Was sind vorweggenommene Betriebsausgaben?
Kosten, die du noch vor der Betriebsgründung und Anmeldung beim Finanzamt hast, nennt man vorweggenommene Betriebsausgaben. Von diesen Vorgründungskosten kannst du viele steuerlich absetzen – und das sogar im Vorjahr des offiziellen Starts deiner Selbstständigkeit.
Vorweggenommene Betriebsausgaben erhältst du indirekt zurückerstattet. Sie mindern nämlich deinen zu versteuernden Gewinn. Wie das? Diese Ausgaben werden von deinen späteren Einkünften aus der aufgenommenen Geschäftstätigkeit abgezogen.

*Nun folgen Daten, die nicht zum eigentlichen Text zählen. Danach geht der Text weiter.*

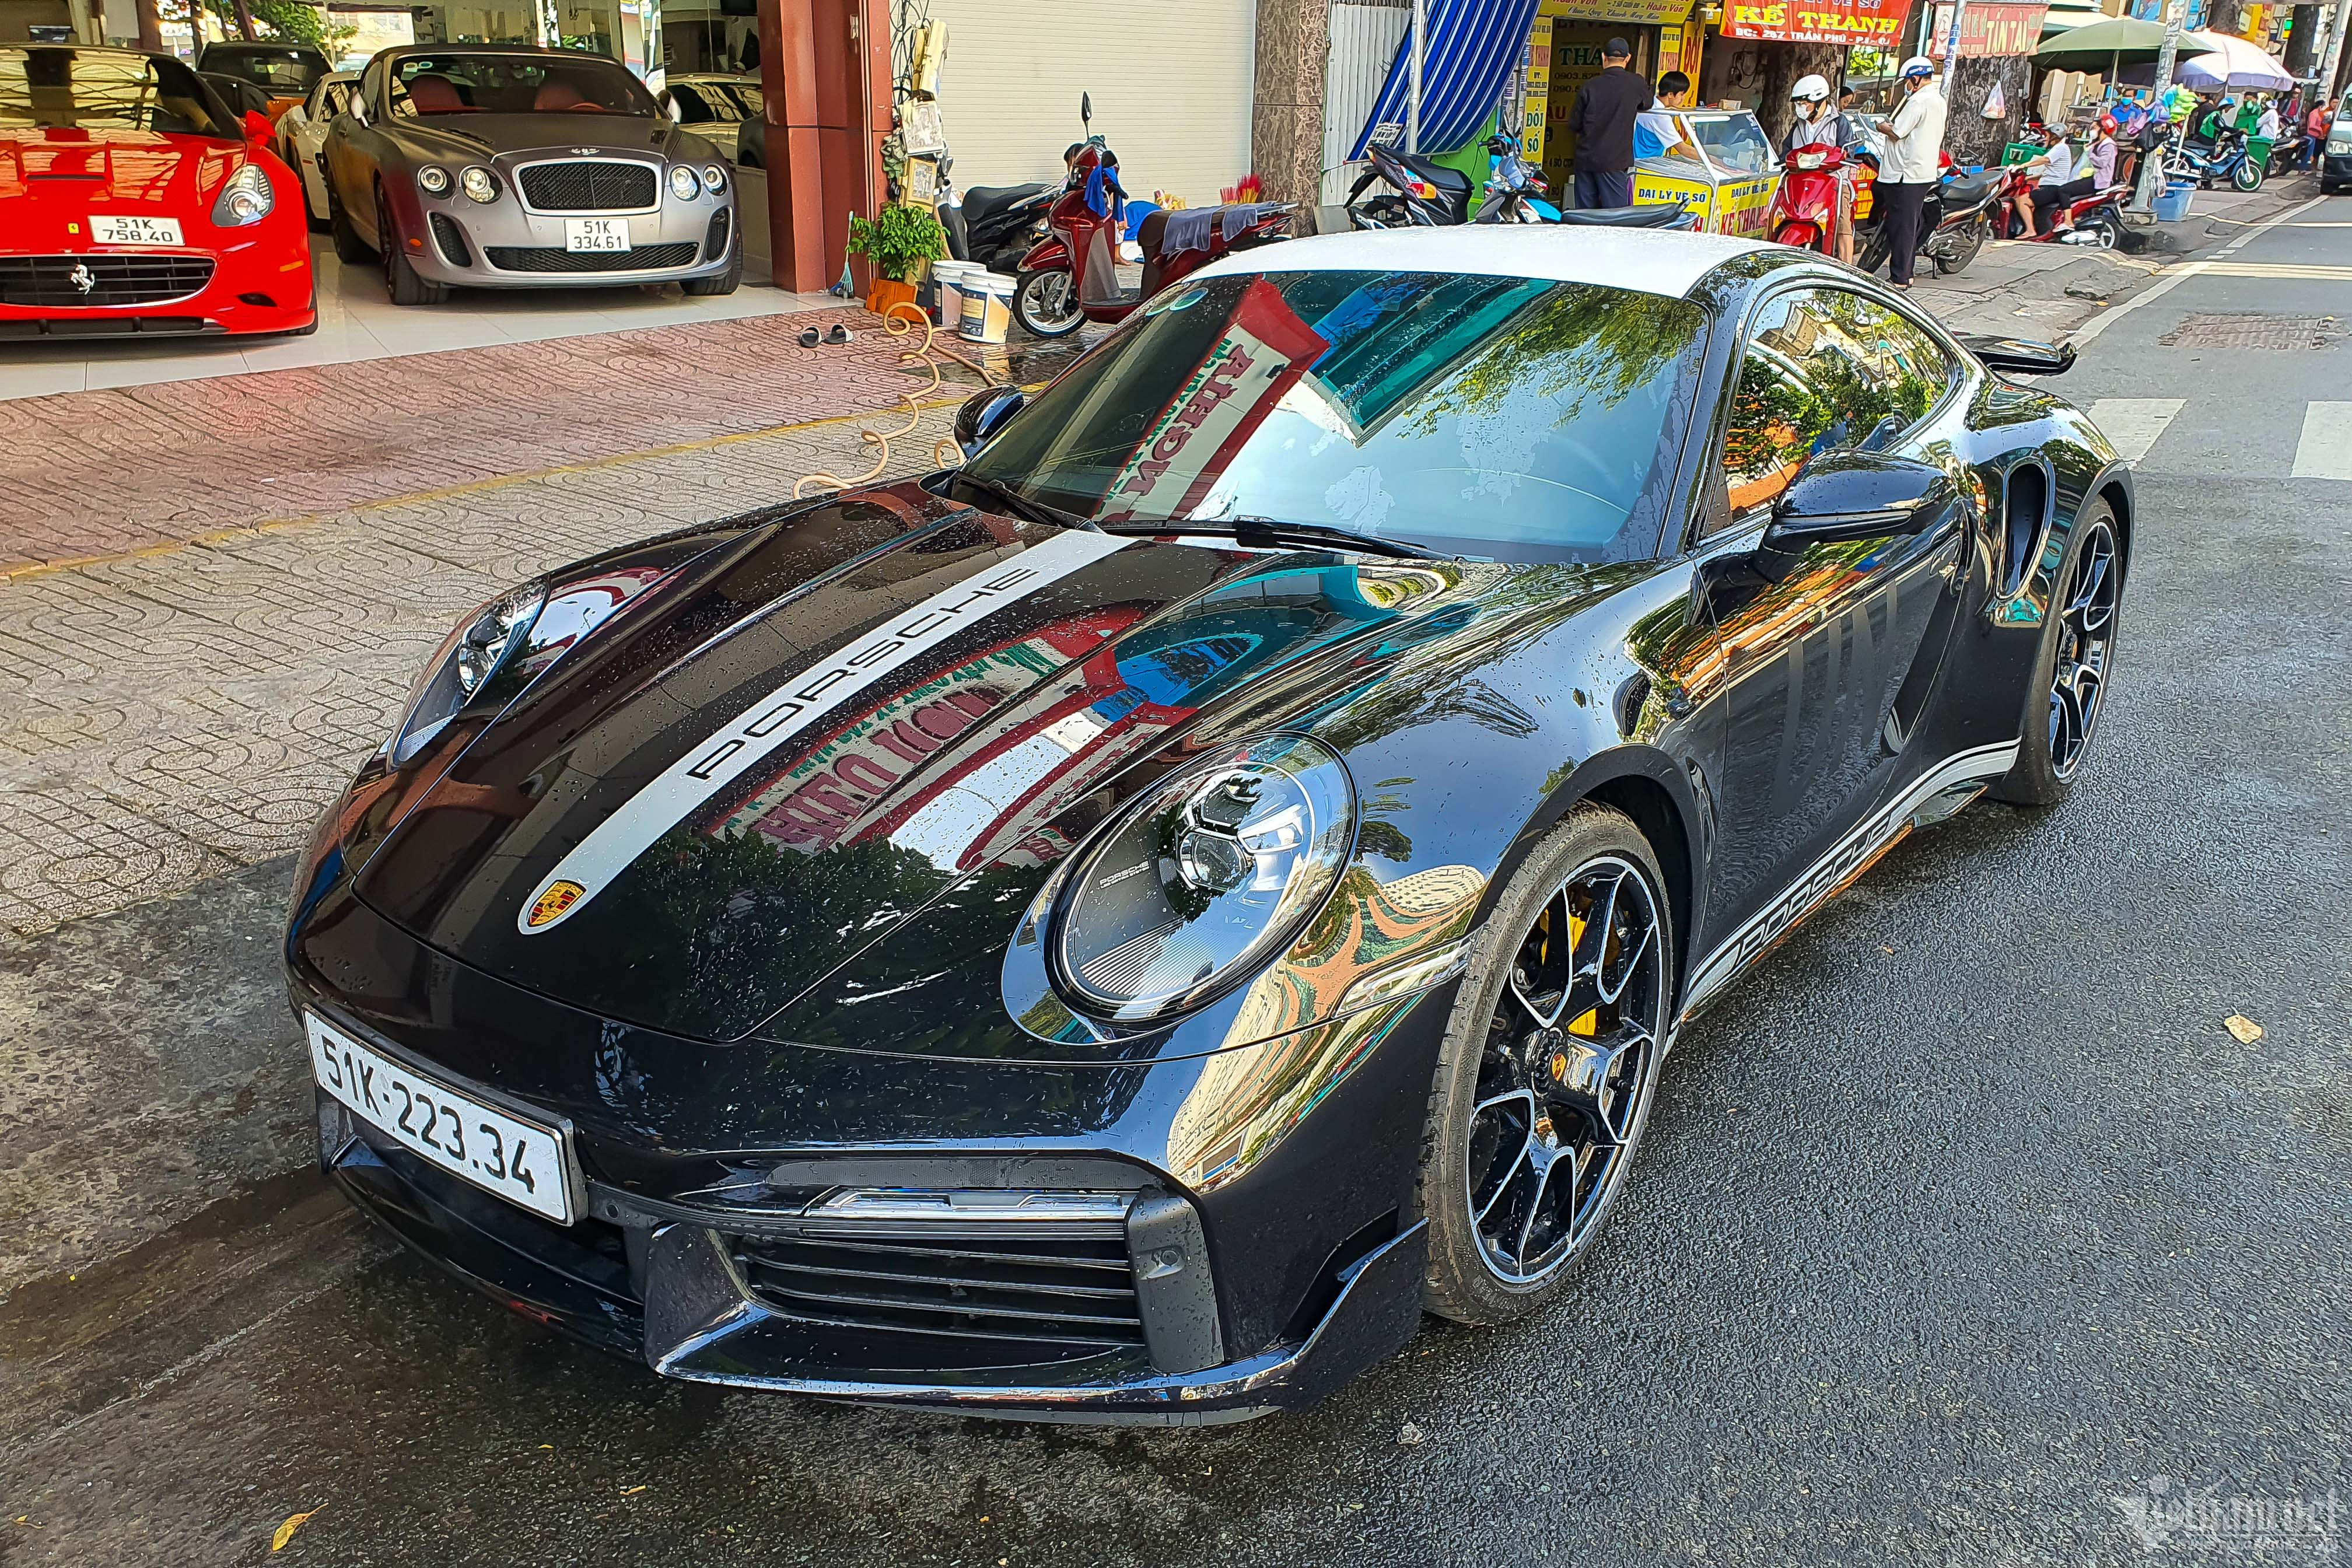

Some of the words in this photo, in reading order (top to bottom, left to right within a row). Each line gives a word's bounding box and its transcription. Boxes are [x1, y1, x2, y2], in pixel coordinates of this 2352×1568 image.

[1734, 3, 1787, 26] KẾ
[1797, 11, 1900, 33] THANH
[1526, 103, 1544, 127] ĐỔI
[1527, 130, 1541, 152] SỐ
[1692, 190, 1707, 202] SỐ
[116, 218, 155, 229] 51K
[584, 220, 611, 234] 51K
[103, 229, 173, 242] 758.40
[573, 236, 621, 249] 334.61
[686, 568, 1040, 780] PORSCHE
[1100, 860, 1149, 885] PORSCHE
[321, 1034, 535, 1195] 51K-223.34

Dadurch zahlst du weniger Steuern, da dein zu versteuerndes Einkommen geringer ausfällt.
Um dir vorweggenommene Betriebsausgaben steuerlich anrechnen lassen zu können, sind einige Regeln zu beachten:
- Die Kosten aus der Vorbereitungsphase müssen in einem wirtschaftlichen Zusammenhang zu deinem Unternehmen stehen. Heißt: Du brauchst eine konkrete Gründungsidee, für deren Realisierung die Kosten entstehen.
- Du musst dem Finanzamt gegenüber deine Kosten erklären und nachweisen können. Wie auch bei späteren Betriebsausgaben nach der Betriebseröffnung solltest du also unbedingt Belege, Rechnungen und Quittungen aufbewahren.

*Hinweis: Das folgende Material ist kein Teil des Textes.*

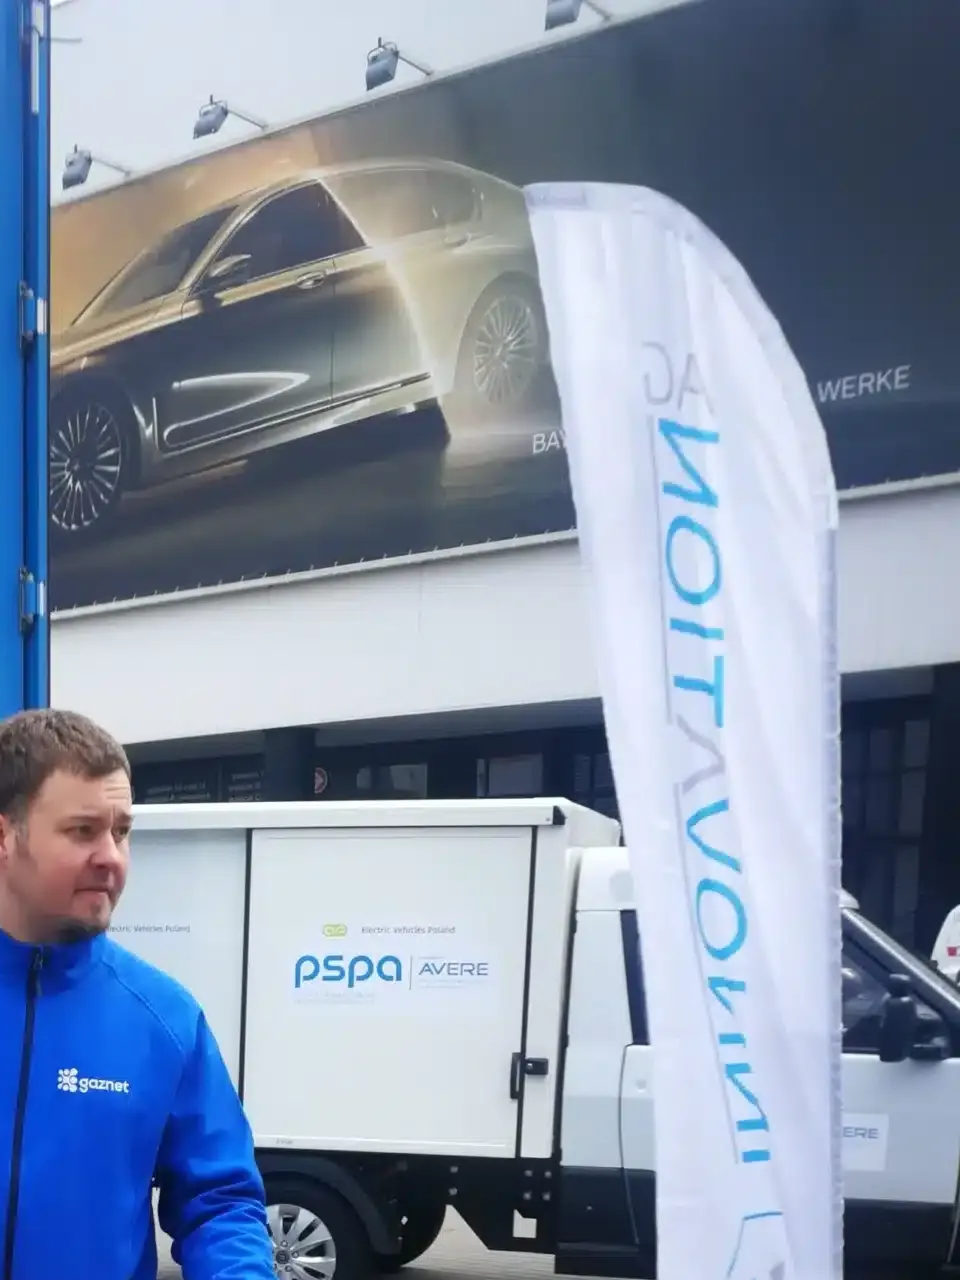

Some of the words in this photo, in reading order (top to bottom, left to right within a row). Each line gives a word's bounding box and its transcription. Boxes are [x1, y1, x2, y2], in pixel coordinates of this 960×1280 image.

[532, 430, 566, 454] BA
[817, 364, 912, 402] WERKE
[361, 926, 389, 935] Electric
[393, 926, 426, 935] Vehicles
[428, 926, 456, 935] Poland
[294, 955, 402, 988] pspa
[418, 962, 489, 977] AVERE
[79, 1078, 130, 1094] gaznet

Sieh dir hier auch unsere Video-Zusammenfassung zu vorweggenommenen Betriebsausgaben an:
Typische Beispiele vorweggenommener Betriebsausgaben
Es liegt auf der Hand, dass viele vorweggenommenen Betriebsausgaben bzw. Gründungskosten für die Planung und den reibungslosen Start zur Betriebseröffnung anfallen. Typische Beispiele sind:
- Weiterbildungen wie Seminare, Kurse
- Existenzgründer-Workshops
- Fachliteratur
- Individuelle Beratung durch Coaches, Anwälte und Steuerberater
- Businessplanung
- Fahrtkosten und Reisekosten
- Eintritt für Fachmessen und Kongresse
- Gebühren für Telefon, Porto, Internet
- Finanzierungskosten wie Vermittlungsprovisionen, Zinsen, Bearbeitungsgebühren
- Miet- und Pachtkosten
- Gebühren bei Behörden und Ämtern
- Marketing
- Büroeinrichtung
- Technisches Equipment
Was ist nicht abzugsfähig?
Schauen wir uns noch ein Beispiel an, was nicht abzugsfähig ist:
Karin will sich als Webdesignerin selbstständig machen. Noch hat sie keine Betriebseinnahmen, keine Einkünfte und steckt mitten in der Vorbereitungsphase. Ihr Büro hat sie mit allem ausgestattet, was sie zur Ausübung ihrer Selbstständigkeit braucht. Um ihre kreative Ader zu betonen, kauft sie eine großformatige Skulptur und stellt sie im Empfangsbereich auf. Diese Kosten stehen nicht im direkten Zusammenhang zum geplanten Business und mit den geplanten Einkunftsarten. Karin wird sie nicht steuerlich geltend machen können.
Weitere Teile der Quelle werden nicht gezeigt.